The trust calibration
You are trusting more, so you must verify smarter. The questions shift from "is this line correct?" to:
- Is this the right approach? Does the architecture make sense?
- Does it follow our patterns? Or did it invent something incompatible?
- What did it miss? Edge cases, security, performance.
My review process
- High-Level Structure First: What files changed? What is the shape of the solution?
- Check Decision Points: Locate the places where the AI had to make a choice. These are the highest-risk vectors.
- Scan for Red Flags: Unexpected dependencies, suspicious complexity, missing error handling.
- Interrogate the Agent: Don't just read the diff, ask the agent. "Why did you choose this pattern?" "What trade-offs did you make?" Treat the review as a dialogue. Often, the agent's explanation reveals the flaw you missed in the code.
The Tradeoff: You accept more risk in exchange for velocity. A 500-line feature in an hour instead of a day. The mitigation is tests, good coverage lets you trust the implementation and focus review on the choices tests can't verify.
The new normal
I no longer switch between modes. My default state is collaboration.
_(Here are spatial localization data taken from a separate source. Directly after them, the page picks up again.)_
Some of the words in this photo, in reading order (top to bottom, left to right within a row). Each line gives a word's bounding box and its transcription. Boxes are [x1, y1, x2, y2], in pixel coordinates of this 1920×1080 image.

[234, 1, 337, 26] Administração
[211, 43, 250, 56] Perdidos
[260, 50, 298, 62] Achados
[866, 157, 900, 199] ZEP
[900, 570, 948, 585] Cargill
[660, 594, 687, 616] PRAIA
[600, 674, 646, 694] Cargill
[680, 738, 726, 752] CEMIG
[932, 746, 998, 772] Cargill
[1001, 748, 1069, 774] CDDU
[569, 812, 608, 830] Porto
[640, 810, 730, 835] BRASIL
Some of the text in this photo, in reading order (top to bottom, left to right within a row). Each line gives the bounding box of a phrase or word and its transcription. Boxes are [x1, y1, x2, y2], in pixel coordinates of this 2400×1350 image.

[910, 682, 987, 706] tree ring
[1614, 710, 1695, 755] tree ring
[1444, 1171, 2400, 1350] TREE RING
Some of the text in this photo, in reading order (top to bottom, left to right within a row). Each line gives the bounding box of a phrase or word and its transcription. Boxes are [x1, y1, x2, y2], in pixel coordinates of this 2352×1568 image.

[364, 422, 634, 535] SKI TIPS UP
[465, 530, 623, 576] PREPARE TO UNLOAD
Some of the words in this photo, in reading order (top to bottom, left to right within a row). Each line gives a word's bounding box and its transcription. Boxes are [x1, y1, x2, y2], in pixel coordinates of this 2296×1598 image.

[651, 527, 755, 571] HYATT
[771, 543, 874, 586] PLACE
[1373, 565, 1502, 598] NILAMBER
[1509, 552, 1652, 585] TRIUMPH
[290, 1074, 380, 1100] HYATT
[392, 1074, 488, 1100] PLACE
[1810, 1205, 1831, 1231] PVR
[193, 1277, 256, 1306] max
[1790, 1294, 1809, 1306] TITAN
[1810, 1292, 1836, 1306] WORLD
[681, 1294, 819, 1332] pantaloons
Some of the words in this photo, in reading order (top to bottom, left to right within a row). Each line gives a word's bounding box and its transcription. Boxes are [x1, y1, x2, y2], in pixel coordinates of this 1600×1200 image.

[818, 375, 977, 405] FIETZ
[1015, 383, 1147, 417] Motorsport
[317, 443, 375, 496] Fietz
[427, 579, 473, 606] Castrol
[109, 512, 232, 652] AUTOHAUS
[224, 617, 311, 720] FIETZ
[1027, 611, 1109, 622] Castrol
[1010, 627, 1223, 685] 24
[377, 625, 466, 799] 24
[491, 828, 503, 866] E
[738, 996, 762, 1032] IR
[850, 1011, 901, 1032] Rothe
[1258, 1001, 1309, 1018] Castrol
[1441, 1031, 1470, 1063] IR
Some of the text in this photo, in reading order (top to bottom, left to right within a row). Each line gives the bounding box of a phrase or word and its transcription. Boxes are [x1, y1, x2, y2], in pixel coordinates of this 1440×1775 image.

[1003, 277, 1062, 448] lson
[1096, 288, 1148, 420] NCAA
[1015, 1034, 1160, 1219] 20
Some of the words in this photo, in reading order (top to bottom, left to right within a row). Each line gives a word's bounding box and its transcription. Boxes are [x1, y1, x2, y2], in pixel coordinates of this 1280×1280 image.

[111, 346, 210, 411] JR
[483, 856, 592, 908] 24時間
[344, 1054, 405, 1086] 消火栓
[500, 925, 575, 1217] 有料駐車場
I start every task by setting a direction for the agent. While it builds the infrastructure, the tests, and the boilerplate, I am already thinking about the next architectural move. When it gets stuck, I don't take over, I guide it out.
The combination is powerful not because it is faster (though it is), but because it elevates the nature of the work. I am no longer paid to type syntax. I am paid to think, to design, and to lead a synthetic partner that never sleeps, never complains, and executes exactly as well as I can lead it.
The decisions remain mine. The architecture is my judgment.